In immunology, an adjuvant is a substance that increases or modulates the immune response to a vaccine. The word "adjuvant" comes from the Latin word adiuvare, meaning to help or aid. "An immunologic adjuvant is defined as any substance that acts to accelerate, prolong, or enhance antigen-specific immune responses when used in combination with specific vaccine antigens."

In the early days of vaccine manufacture, significant variations in the efficacy of different batches of the same vaccine were correctly assumed to be caused by contamination of the reaction vessels. However, it was soon found that more scrupulous cleaning actually seemed to reduce the effectiveness of the vaccines, and some contaminants actually enhanced the immune response.

There are many known adjuvants in widespread use, including potassium alum, various plant and animal derived oils and virosomes.

==Overview==
Adjuvants in immunology are often used to modify or augment the effects of a vaccine by stimulating the immune system to respond to the vaccine more vigorously, and thus providing increased immunity to a particular disease. Adjuvants accomplish this task by mimicking specific sets of evolutionarily conserved molecules, so called pathogen-associated molecular patterns, which include liposomes, lipopolysaccharide, molecular cages for antigens, components of bacterial cell walls, and endocytosed nucleic acids such as RNA, double-stranded RNA, single-stranded DNA, and unmethylated CpG dinucleotide-containing DNA. Because immune systems have evolved to recognize these specific antigenic moieties, the presence of an adjuvant in conjunction with the vaccine can greatly increase the innate immune response to the antigen by augmenting the activities of dendritic cells, lymphocytes, and macrophages by mimicking a natural infection.

===Types===
- Inorganic compounds: potassium alum, aluminium hydroxide, aluminium phosphate, calcium phosphate hydroxide
- Oils: paraffin oil, propolis (only in preclinical studies). Adjuvant 65 (based on peanut oil) was tested in influenza vaccines in the 1970s, but was never released commercially.
  - Freund's incomplete adjuvant is a water-in-oil emulsion, a classical adjuvant. Water-in-oils are generally too reactogenic to be used on humans, however.
  - Squalene is a natural oil made by human bodies. MF59 is a oil-in-water emulsion based on squalene.
- Bacterial products: killed bacteria of the species Bordetella pertussis, Mycobacterium bovis, toxoids. MPL (Monophosphorylated lipid A) is a modified form of a bacterial lipid A protein that is used in several vaccines.
- Plant saponins from Quillaia (soap bark tree), soybean and Polygala senega
- Cytokines: IL-1, IL-2, IL-12
- CpG oligonucleotides
- Combinations: Freund's complete adjuvant (incomplete + dead Mycobacterium), AS01 (combining MPL and Quillaia saponins), Matrix-M (combining Quillaia saponins and two types of fat)
- Small molecules: TLR7/8 agonists (imidazoquinolines, imidazopyrimidines)
- Physical methods: radiofrequency heating (only tested in mice), microneedles (only tested in mice)

===Inorganic adjuvants===
====Aluminium salts====
There are many adjuvants, some of which are inorganic, that carry the potential to augment immunogenicity. Alum (hydrated potassium double sulfate) was the first aluminium (Al) salt used for this purpose, but has been almost completely replaced by aluminium hydroxide and aluminium phosphate for commercial vaccines. These newer types are also customarily called "alum" in some contexts (distinguished in this article by capitalization). Al salts are the most commonly used adjuvants in human vaccines. Their adjuvant activity was described in 1926.
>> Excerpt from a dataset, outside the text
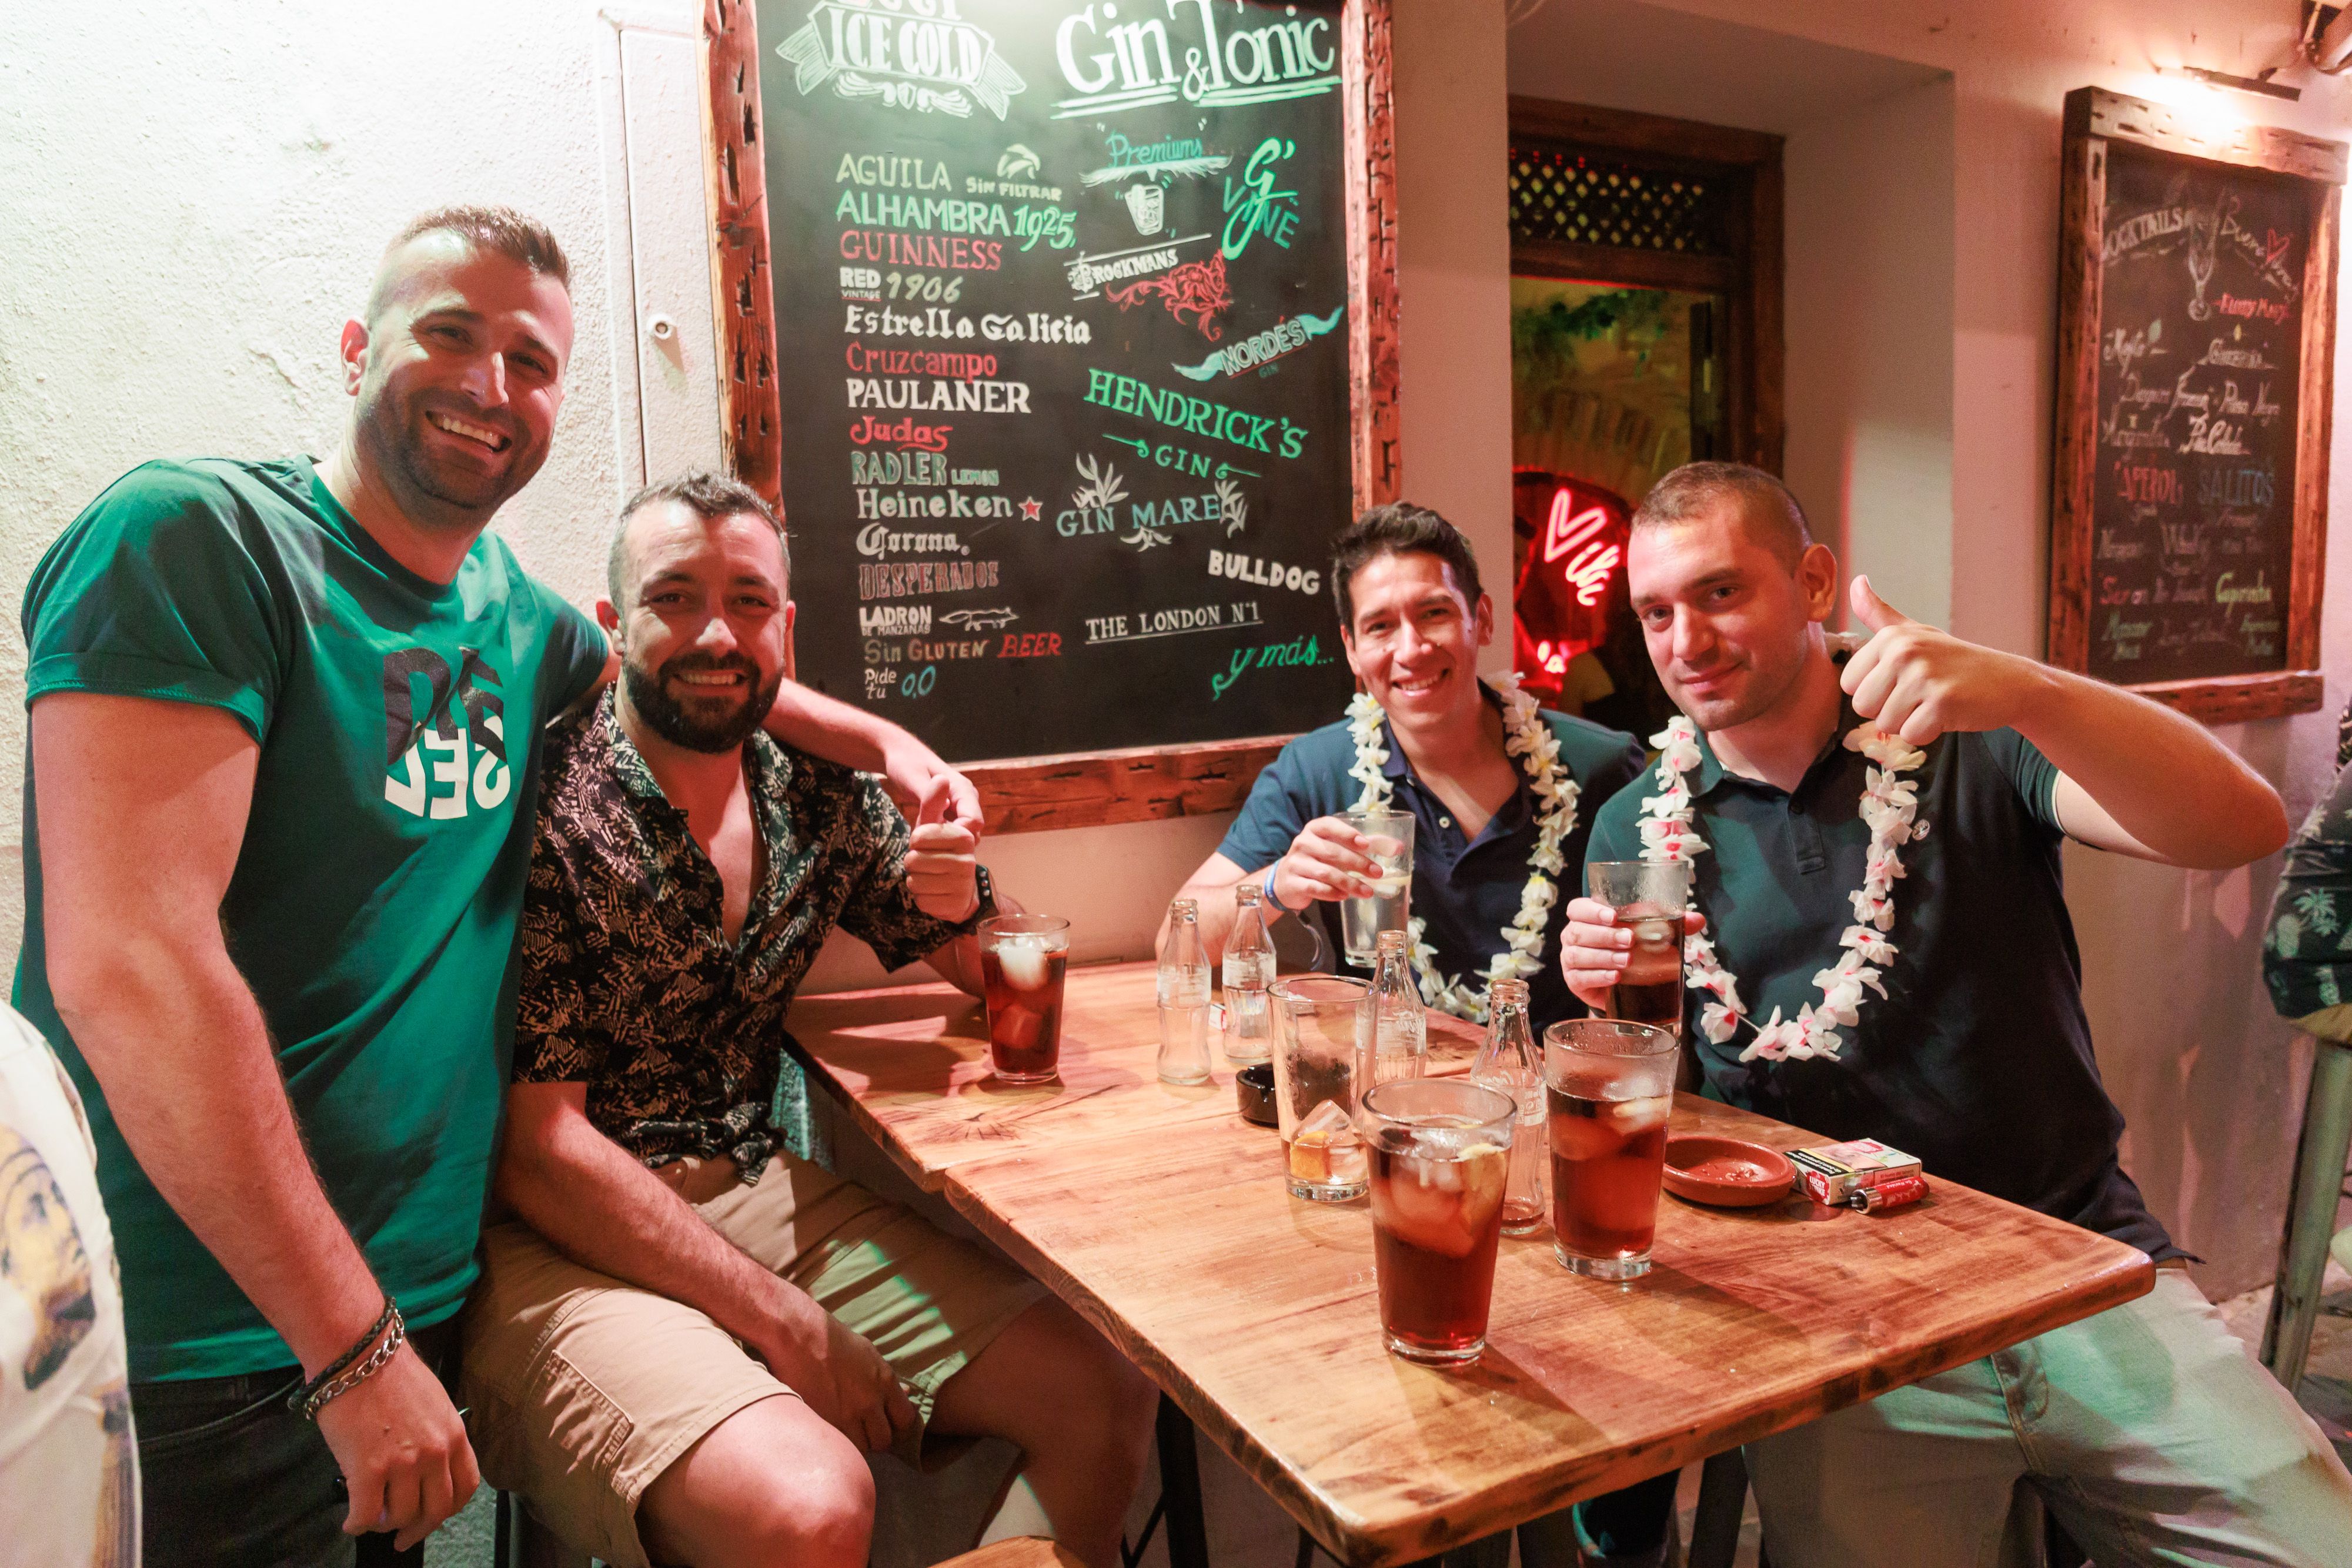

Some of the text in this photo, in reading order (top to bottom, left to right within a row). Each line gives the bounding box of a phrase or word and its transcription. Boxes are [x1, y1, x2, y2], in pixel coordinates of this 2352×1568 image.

The precise mechanism of Al salts ("Alum") remains unclear but some insights have been gained. It was formerly thought that they function as delivery systems by generating depots that trap antigens at the injection site, providing a slow release that continues to stimulate the immune system. However, studies have shown that surgical removal of these depots had no impact on the magnitude of IgG1 response. Depot formation is downstream to the adsorption of antigens onto the molecular structure of the adjuvant driven by electrostatic interactions and phosphate exchange. Conventional wisdom holds that one should maximize the adsorbed % of antigens when using an Alum. There is mixed evidence regarding the role of adsorption in the action of Alum, with some studies showing no effect and others showing a positive effect with low antigen doses in antigens of 10-100 kDa. Also, more strongly adsorbing Alums may paradoxically generate a weaker response, possibly because not enough antigen is being shown to the immune system.
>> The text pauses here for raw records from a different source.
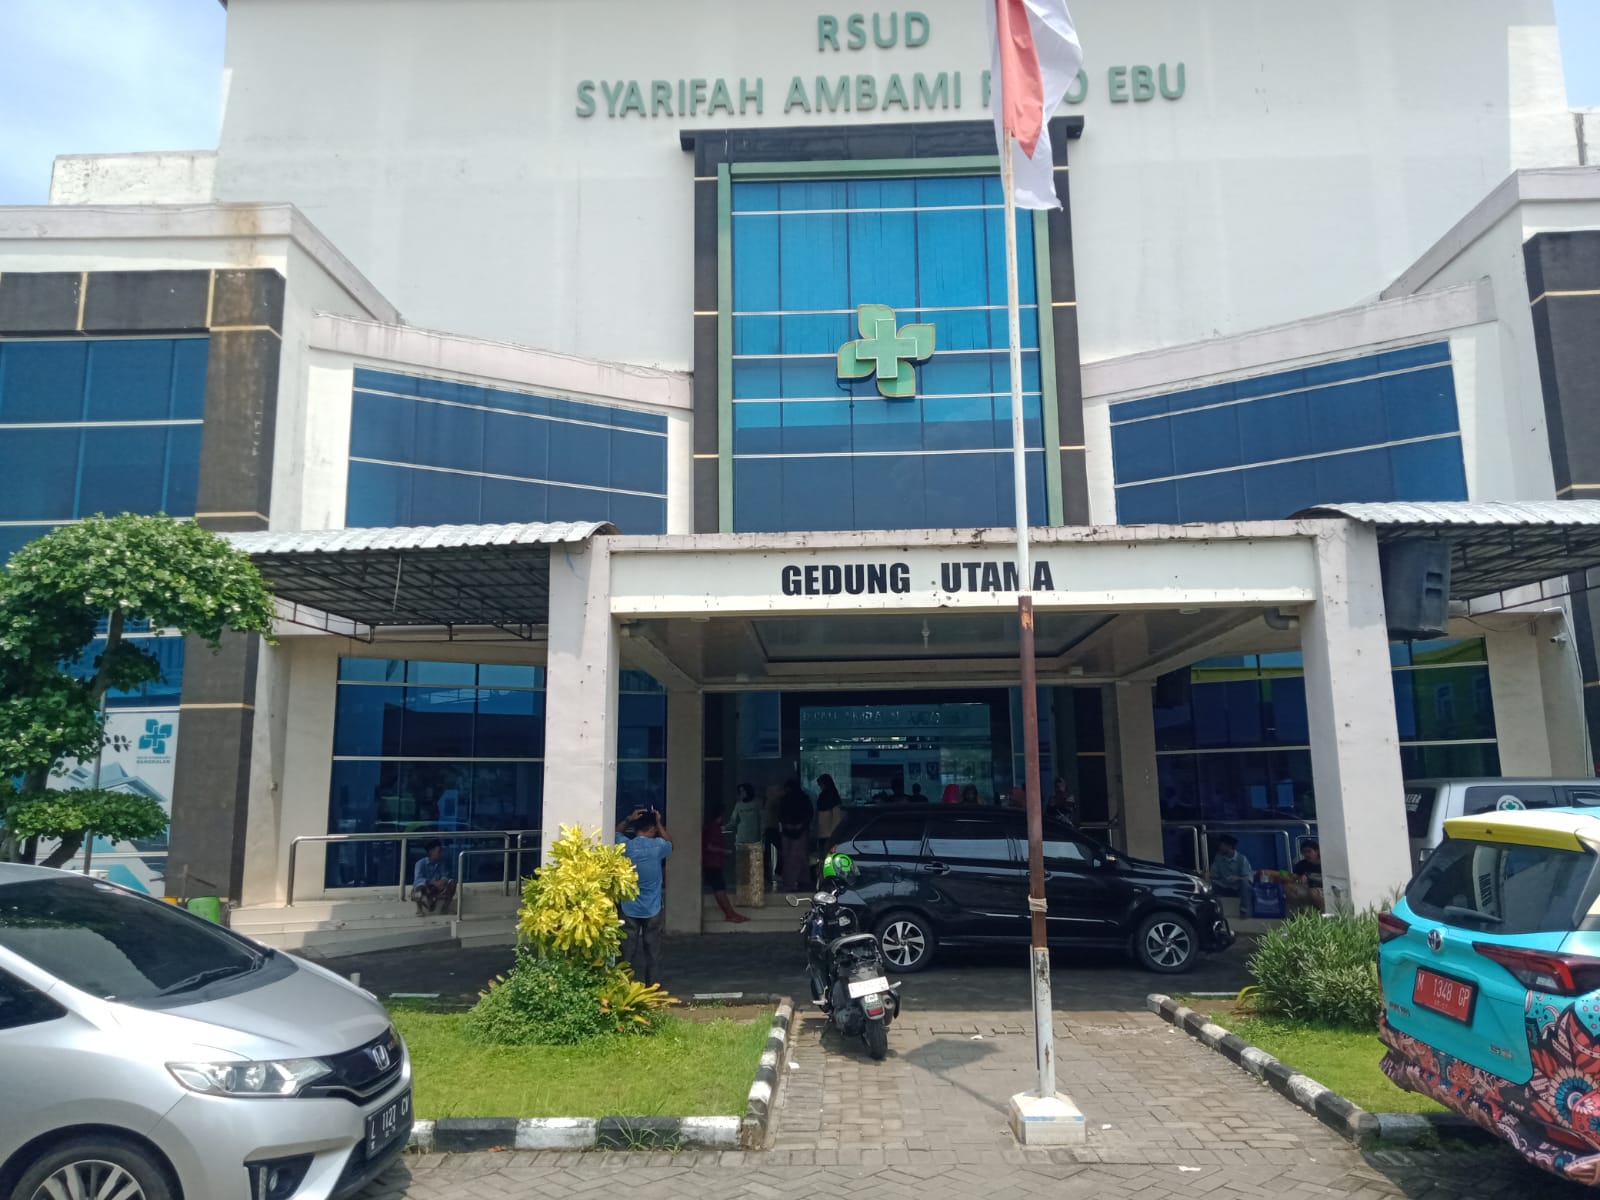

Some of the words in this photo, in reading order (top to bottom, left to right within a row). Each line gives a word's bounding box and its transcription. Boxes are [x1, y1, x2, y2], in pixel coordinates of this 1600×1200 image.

[817, 10, 931, 52] RSUD
[576, 77, 764, 119] SYARIFAH
[784, 69, 962, 115] AMBAMI
[1108, 62, 1187, 104] EBU
[781, 562, 911, 596] GEDUNG
[940, 560, 1055, 594] UTAMA
[1433, 978, 1453, 1002] 1348
[1457, 987, 1470, 1008] GP
[370, 1119, 376, 1140] L
[382, 1104, 397, 1131] 1127
Al can trigger dendritic cells and other immune cells to secrete Interleukin 1 beta (IL1β), an immune signal that promotes antibody production. Al adheres to the cell's plasma membrane and rearranges certain lipids there. Spurred into action, the dendritic cells pick up the antigen and speed to lymph nodes, where they stick tightly to a helper T cell and presumably induce an immune response. A second mechanism depends on alum killing immune cells at the injection site although researchers aren't sure exactly how alum kills these cells. It has been speculated that the dying cells release DNA which serves as an immune alarm. Some studies found that DNA from dying cells causes them to adhere more tightly to helper T cells which ultimately leads to an increased release of antibodies by B cells. No matter what the mechanism is, Al is not a perfect adjuvant because it does not work with all antigens (e.g. malaria and tuberculosis). However, recent research indicates that alum formulated in a nanoparticle form rather than microparticles can broaden the utility of alum adjuvants and promote stronger adjuvant effects.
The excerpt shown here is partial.